Peginterferon beta-1a

Clinical data
- Trade names: Plegridy, Plegridy Pen
- Other names: BIIB-017
- AHFS/Drugs.com: Monograph
- MedlinePlus: a614059
- License data: US DailyMed: Peginterferon beta-1a;
- Pregnancy category: AU: D;
- Routes of administration: Subcutaneous injection
- Drug class: Antineoplastic agent
- ATC code: L03AB13 (WHO) ;

Legal status
- Legal status: AU: S4 (Prescription only); CA: ℞-only; US: ℞-only; EU: Rx-only; In general: ℞ (Prescription only);

Identifiers
- IUPAC name 1-Ether with N-(3-hydroxy-2-methylpropyl)interferon β-1a (human) α-methyl-ω-hydroxy-poly(oxy-1,2-ethanediyl);
- CAS Number: 1211327-92-2;
- DrugBank: DB09122;
- UNII: I8309403R0;
- KEGG: D10483;

Chemical and physical data
- Formula: C913H1417N246O256PS7 [C2H4O]n
- Molar mass: 44000 g·mol^{−1}

= Peginterferon beta-1a =

Medication

Peginterferon beta-1a, sold under the brand name Plegridy, is medication used to treat multiple sclerosis.

The most common side effects include headache, muscle pain, joint pain, influenza (flu)-like symptoms, pyrexia (fever), chills, asthenia (weakness), and erythema (reddening of the skin), pain or pruritus (itching) at the injection site.

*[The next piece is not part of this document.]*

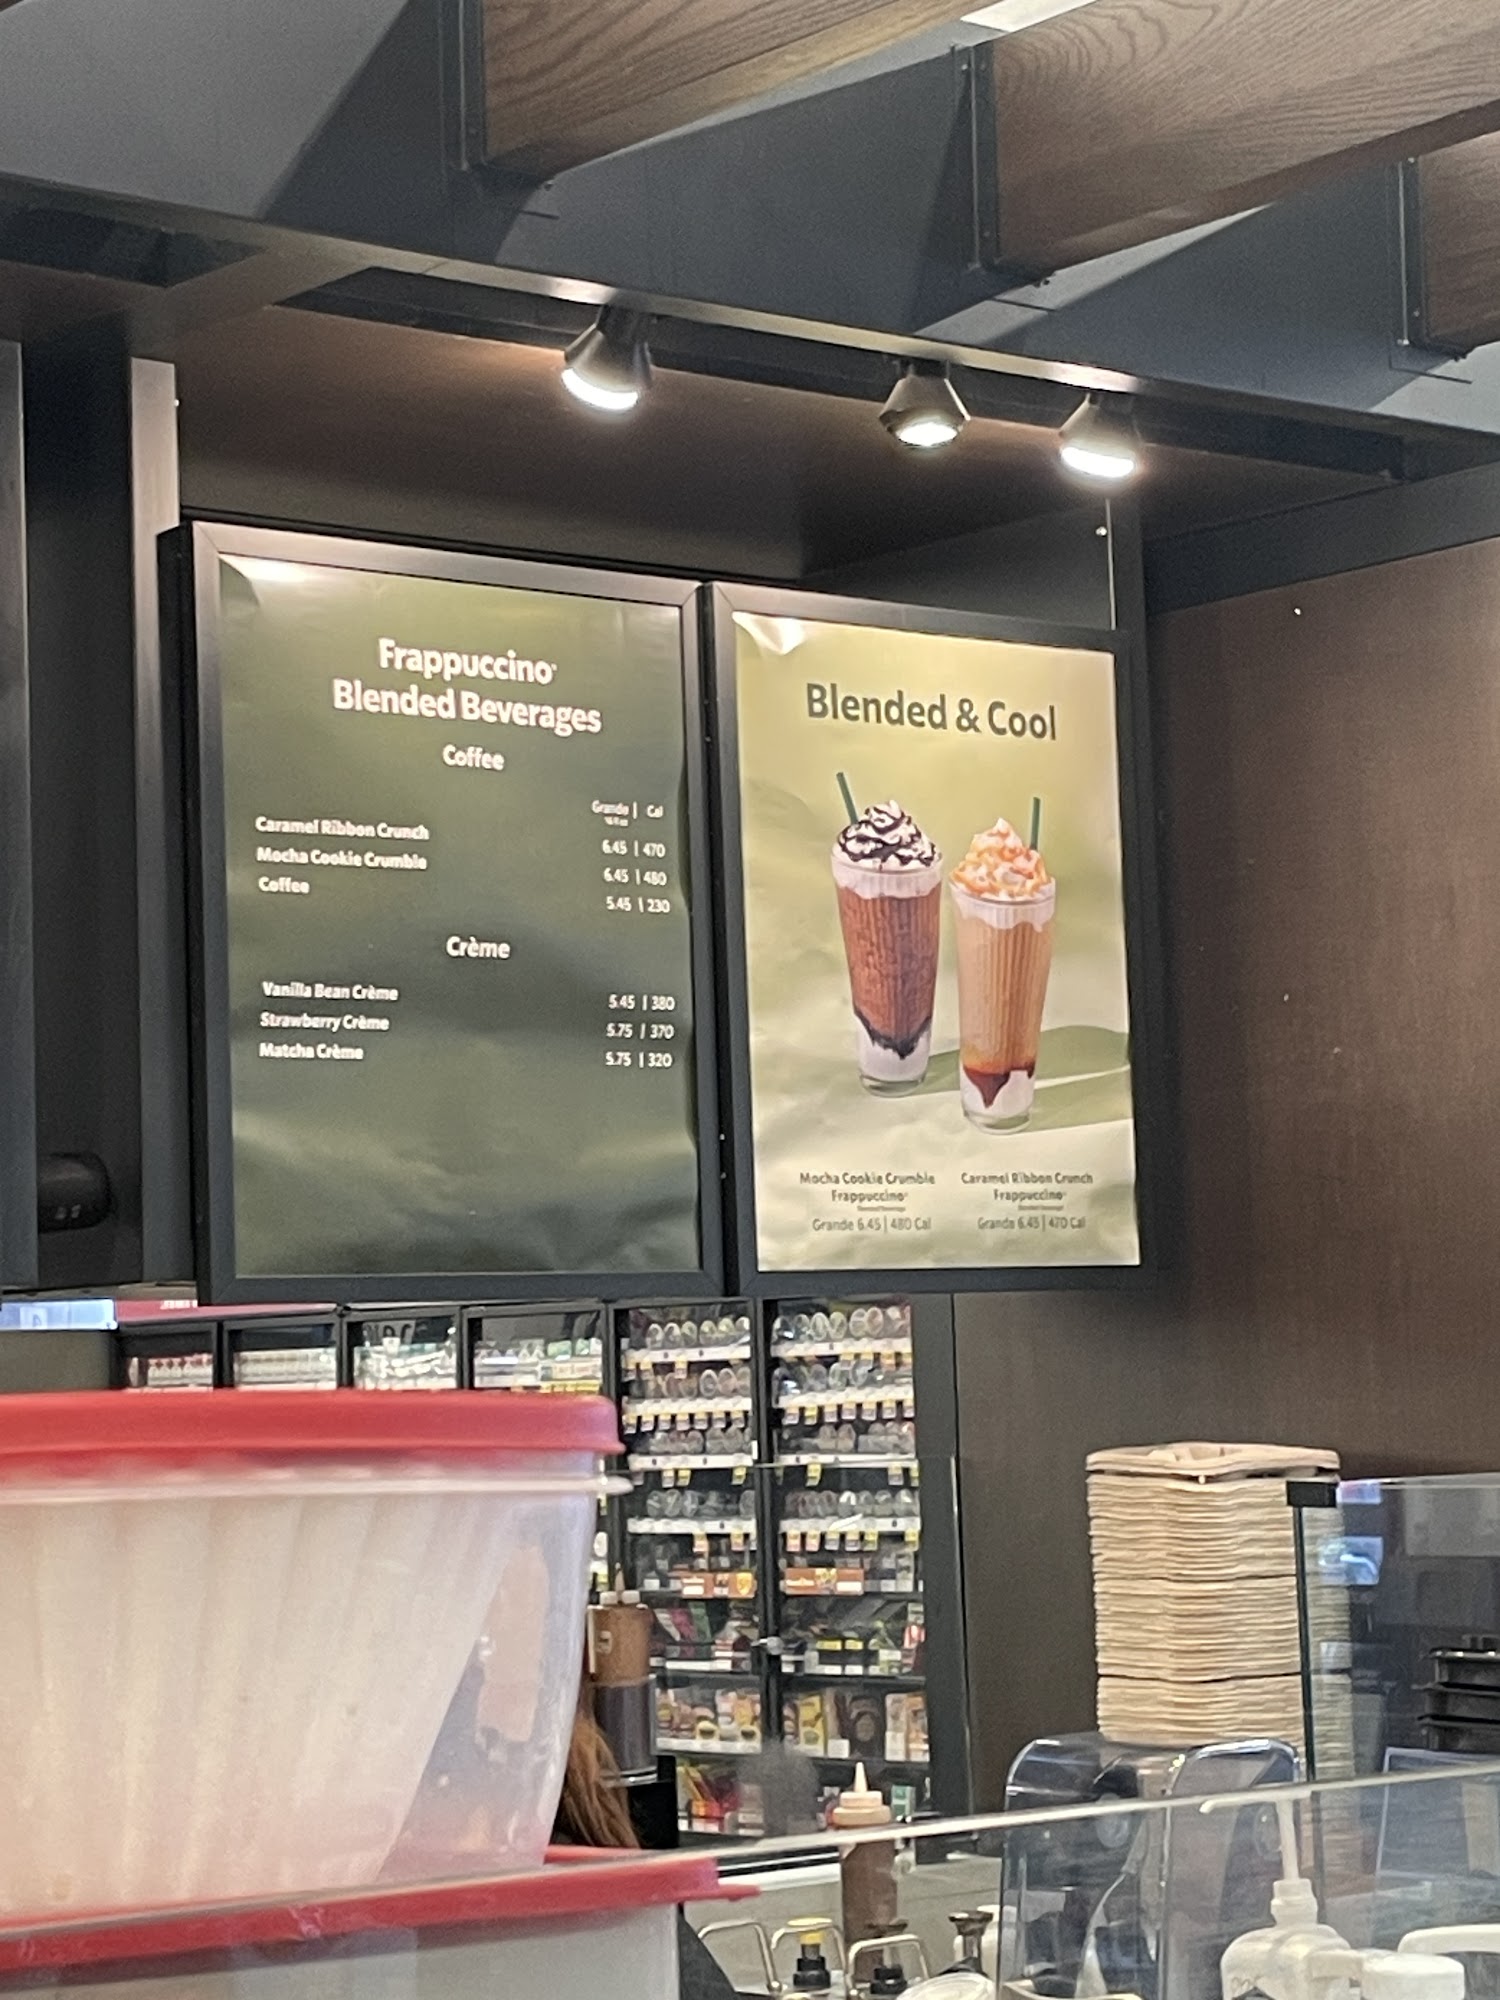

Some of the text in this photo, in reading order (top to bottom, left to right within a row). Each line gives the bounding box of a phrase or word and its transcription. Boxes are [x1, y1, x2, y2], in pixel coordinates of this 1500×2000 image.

Peginterferon beta-1a was approved for medical use in the United States and in the European Union in 2014.

== Medical uses ==
In the United States, peginterferon beta-1a is indicated for the treatment of relapsing forms of multiple sclerosis, to include clinically isolated syndrome, relapsing-remitting disease, and active secondary progressive disease, in adults.

In the European Union, peginterferon beta-1a is indicated for the treatment of relapsing remitting multiple sclerosis in adults.